Evidence of the importance of zinc deficiency in child health has come from recent randomized, controlled trials of zinc supplementation. (3,4) A pooled analysis of data from 7 trials evaluating preventive effects of zinc supplementation on diarrhea and pneumonia found an overall 18% lower diarrhea incidence and a 41% lower pneumonia incidence in zinc-supplemented preschool children. (3) The significant effects on diarrhea and pneumonia, which are the major causes of death in this age group, lead to the question of whether there is an effect on mortality as well.

Developing countries account for 90% of the 20 million annual low birth weight (LBW) deliveries worldwide; 75% of these are in India, Pakistan, and Bangladesh. (5,6) Birth weight is the single most important determinant of infant survival in developing countries, (7-9) estimated to be an underlying risk factor in >70% of perinatal deaths, 90% of neonatal deaths, and 50% of infant deaths. (10) Unlike in developed countries, where preterm birth is the main cause of LBW, in developing countries most LBW infants are small for gestational age (SGA). (6,10) Nutrient deficiencies during fetal development can cause this intrauterine growth retardation and may also compromise immune function after birth. (12) Low zinc concentrations in the cord blood of LBW newborns have been noted in a number of settings, and birth weight has been shown to be highly correlated with cord zinc concentration in India. (13-16) Because of impaired immunocompetence and other factors, SGA infants have higher rates of respiratory infections (7,8) and diarrhea. (7,9) Therefore, zinc supplementation in SGA infants may reduce infectious disease morbidity and mortality.

We conducted a randomized, double-blind, controlled trial with a 2-by-2 factorial design to assess the effects of zinc or vitamin and mineral (calcium, phosphorus, folate, and iron) supplements on development, growth, morbidity, and mortality in 1- to 9-month-old SGA infants. The effects on mortality are reported here.


Study Population, Screening, and Selection of Sample

The study was conducted in Sangam Vihar, a resettlement population in New Delhi, India, between April 18, 1996, and November 7, 1998. The infant mortality rate in this population is 83 per 1000 births; the birth rate is about 30 per 1000. Approximately 14% of the deliveries are preterm, and 42% of newborns weigh <2500 g.

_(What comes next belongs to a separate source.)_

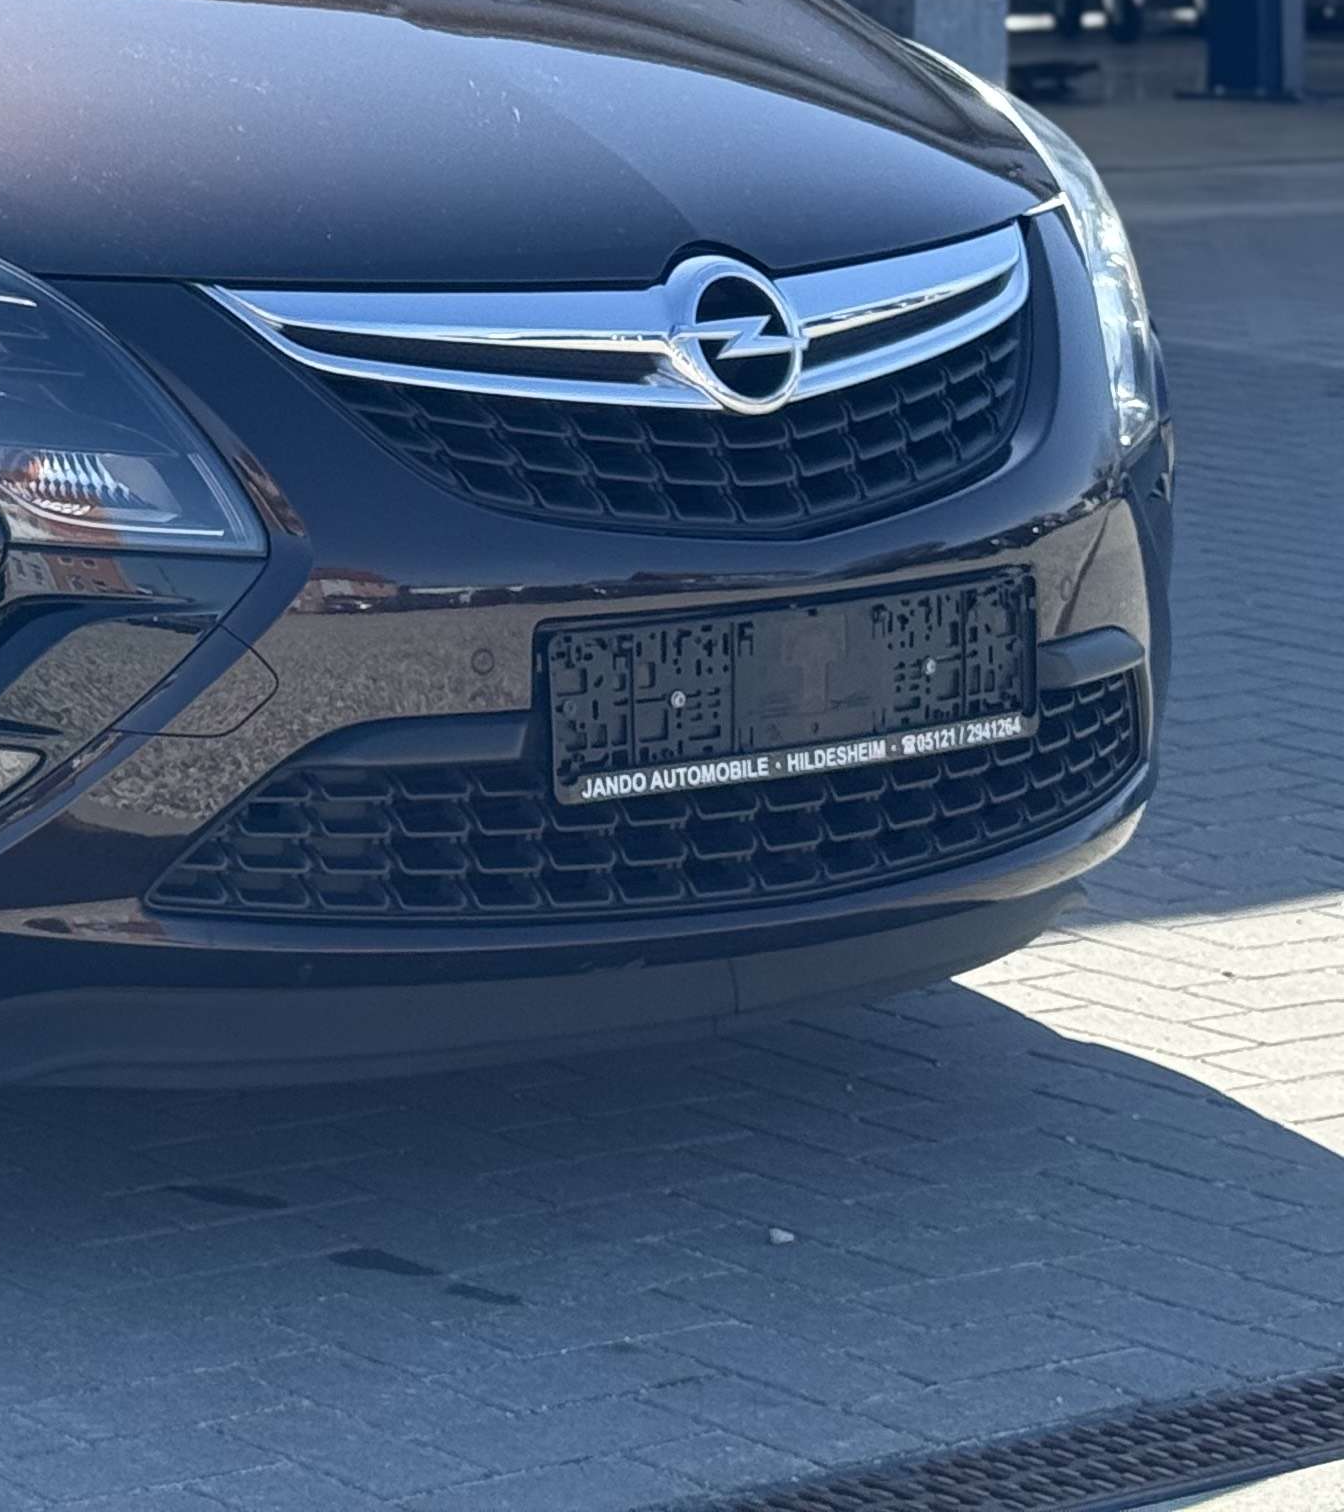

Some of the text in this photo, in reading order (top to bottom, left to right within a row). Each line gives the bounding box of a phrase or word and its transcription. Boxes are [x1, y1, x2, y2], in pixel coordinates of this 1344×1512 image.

A census and baseline survey covered 2066 households with a population of 10 003. Current pregnancies were recorded, and this register was updated by surveys every 3 months. Pregnant women were offered free antenatal services, and those who attended the clinic were given tetanus toxoid and iron supplements according to current World Health Organization (WHO) and Government of India policy. Pregnant women were followed monthly until 36 weeks of gestation, then weekly for 2 weeks, and finally daily until delivery. They were advised to inform the field clinic of a delivery, at which time a physician, nutritionist, and field assistant visited the home. A birth assessment form was completed, and birth weight, length, and head circumference were recorded. Weight was measured to 10 g with an electronic scale (SECA Corporation, Columbia, MD) by 2 independent observers. Gestational age was assessed according to Capurro et al.(17) Only children with gestational age >37 weeks were considered for the study. The newborn was designated SGA if the birth weight was less than the 10th percentile for that gestational age compared with the reference population. (18) Parents of the newborns who were SGA were invited to participate in the study. All mothers were advised to exclusively breastfeed and to bring the infant for immunizations.

The Ponderal index (PI = weight [g]/length [[cm].sup.3]) for each child was calculated and compared with the 10th percentile of gestational age-specific values from Indian children. (19) The values for gestational age 36-37, 38, 39, 40, 41, and 42 weeks were 2.23, 2.25, 2.26, 2.24, 2.20, and 2.14 g/[cm.sup.3], respectively. A child below this value was considered to be wasted.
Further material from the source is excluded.